MM Model-based Metrics. Each fitted MM model produces a predicted random effect for each provider. The provider-specific random effects can be interpreted as the unobserved influence of each provider on the outcome after controlling for any fixed effect included in the model. Therefore, the provider-specific random effects were used to evaluate the relative provider performance, which is analogous to the individual provider-level metrics used in the PAPR method.

Measuring provider performance using a MM model is more flexible and robust to outliers compared to the standard approach using OE indices or simple averages. First, although not investigated here, the effect of patient-, visit-, provider-, and/or temporal-level covariates can be controlled when evaluating provider performance. For example, a patient’s socioeconomic status, a provider’s workload, and seasonal factors can be added to the MM model. These external factors are not accounted for in OE indices.

Another advantage of using predicted random effects is the concept of “shrinkage.” The process of estimating random effects inherently accounts for small sample sizes (when providers do not treat a large enough sample of patients) and/or when there is a large ratio of patient variance to provider variance (for instance, when patient outcome variability is much higher compared to provider performance variability). In both cases, the estimation of the random effect is pulled ever closer to 0, signaling that the provider performance is closer to the population average. See Henderson¹⁵ and Mood¹⁶ for further details.

In contrast, OE indices can result in unreliable estimates when a provider has not cared for many patients. This is especially prevalent when the outcome is binary with a low probability of occurring, such as mortality. Indeed, provider-level mortality OE indices are routinely 0 when the patient counts are low, which skews performance rankings unfairly. Finally, OE indices also ignore the magnitude of the variance of an outcome between providers and patients, which can be large.

Comparison Methodology

In this study, we seek to compare the 2 methods of attribution, PAPR and PAMM, to determine whether there are meaningful differences between them when measuring provider performance. Using retrospective data described in the next section, each attribution method was used independently to derive provider-level metrics.

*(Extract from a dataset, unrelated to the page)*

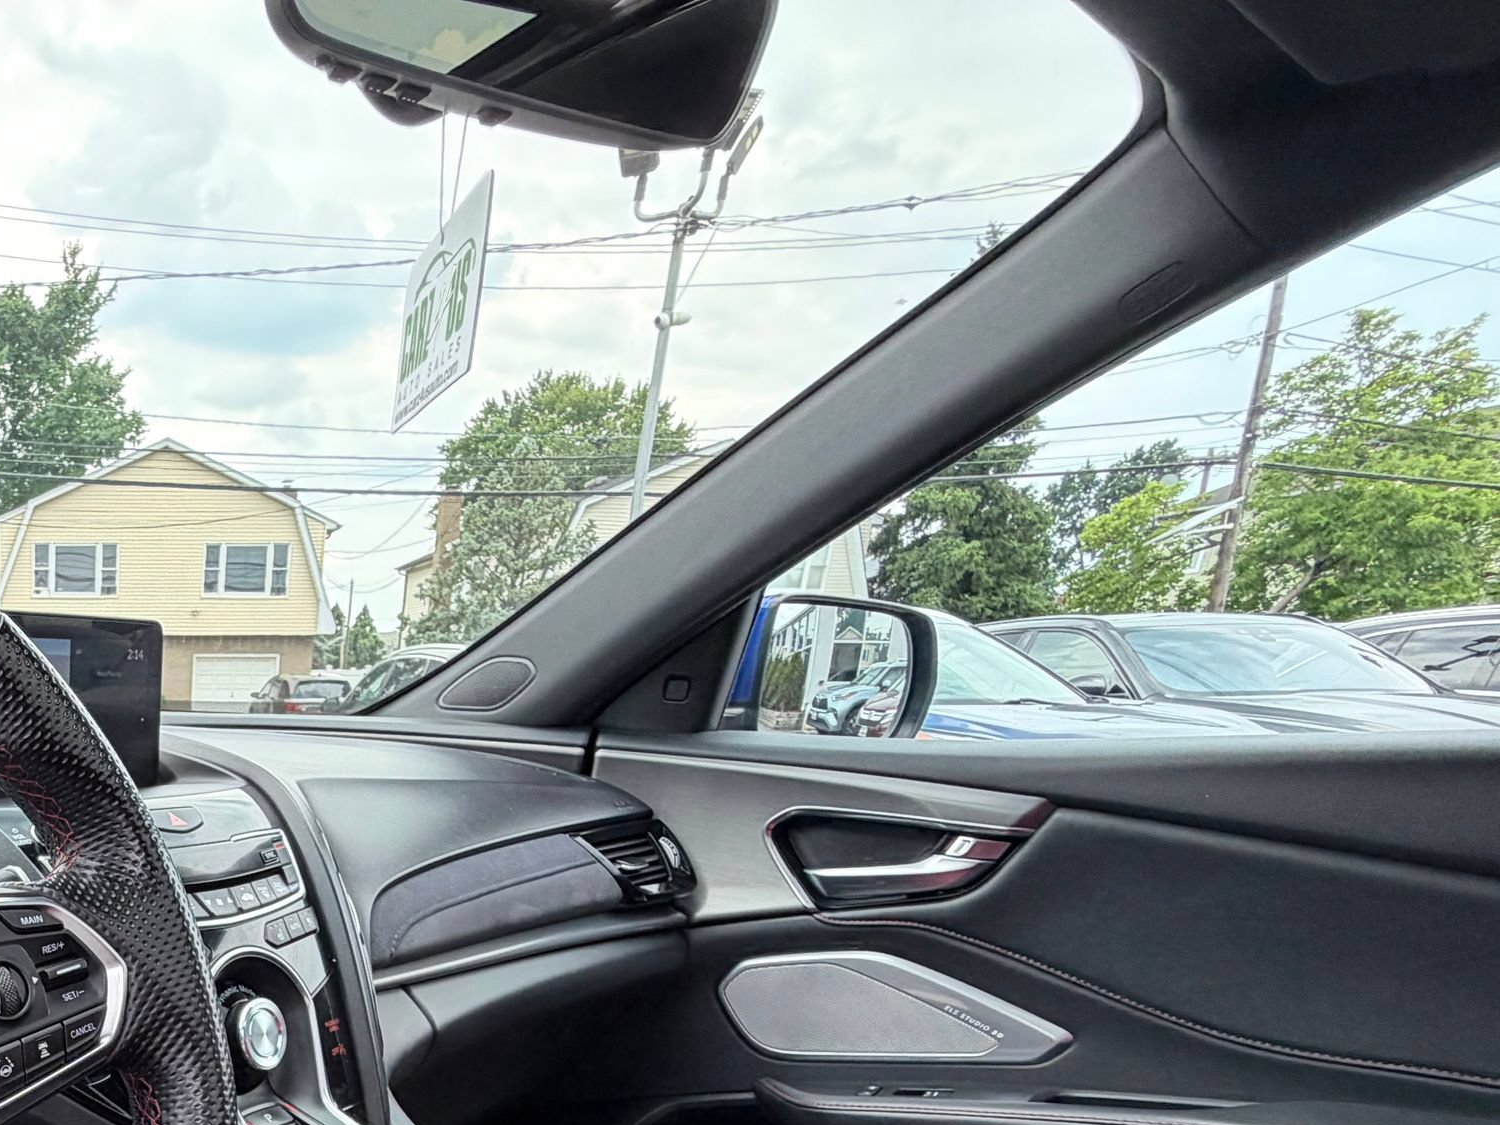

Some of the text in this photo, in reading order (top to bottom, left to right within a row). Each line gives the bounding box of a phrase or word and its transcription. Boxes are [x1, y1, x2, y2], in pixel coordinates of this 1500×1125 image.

To assess relative performance, percentiles were assigned to each provider based on their metric values so that, in the end, there were 2 percentile ranks for each provider for each metric.

Using these paired percentiles, we derived the following measures of concordance, similar to Herzke, Michtalik³: (1) the percent concordance measure—defined as the number of providers who landed in the top half (greater than the median) or bottom half under both attribution models—divided by the total number of providers; (2) the median of the absolute difference in percentiles under both attribution models; and (3) the Pearson correlation coefficient of the paired provider ranks. The first measure is a global measure of concordance between the 2 approaches and would be expected to be 50% by chance. The second measure gauges how an individual provider’s rank is affected by the change in attribution methodologies. The third measure is a statistical measure of linear correlation of the paired percentiles and was not included in the Herzke, Michtalik³ study.

All statistical analyses were performed on SAS (version 9.4; Cary, NC) and the MM models were fitted using PROC GLIMMIX with the EFFECT statement. The Banner Health Institutional Review Board approved this study.

Results

Descriptive Statistics

A total of 58,730 hospitalizations were included, of which care was provided by 963 unique providers across 25 acute care and critical access hospitals. Table 1 contains patient characteristics, and Table 2 depicts overall unadjusted outcomes. Providers responsible for less than 12 discharges in the calendar year were excluded from both approaches. Also, some hospitalizations were excluded when expected values were not available.

Multi-Membership Model Results

Table 3 displays the results after independently fitting MM models to each of the 3 clinical outcomes. Along with a marginal intercept, the only covariate in each model was the corresponding expected value after a transformation. This was added to use the same information that is typically used in OE indices, therefore allowing for a proper comparison between the 2 attribution methods. The provider-level variance represents the between-provider variation and measures the amount of influence providers have on the corresponding outcome after controlling for any covariates in the model. A provider-level variance of 0 would indicate that providers do not have any influence on the outcome. While the mortality and readmission model results can be compared to each other, the LOS model cannot given its different scale and transformation altogether.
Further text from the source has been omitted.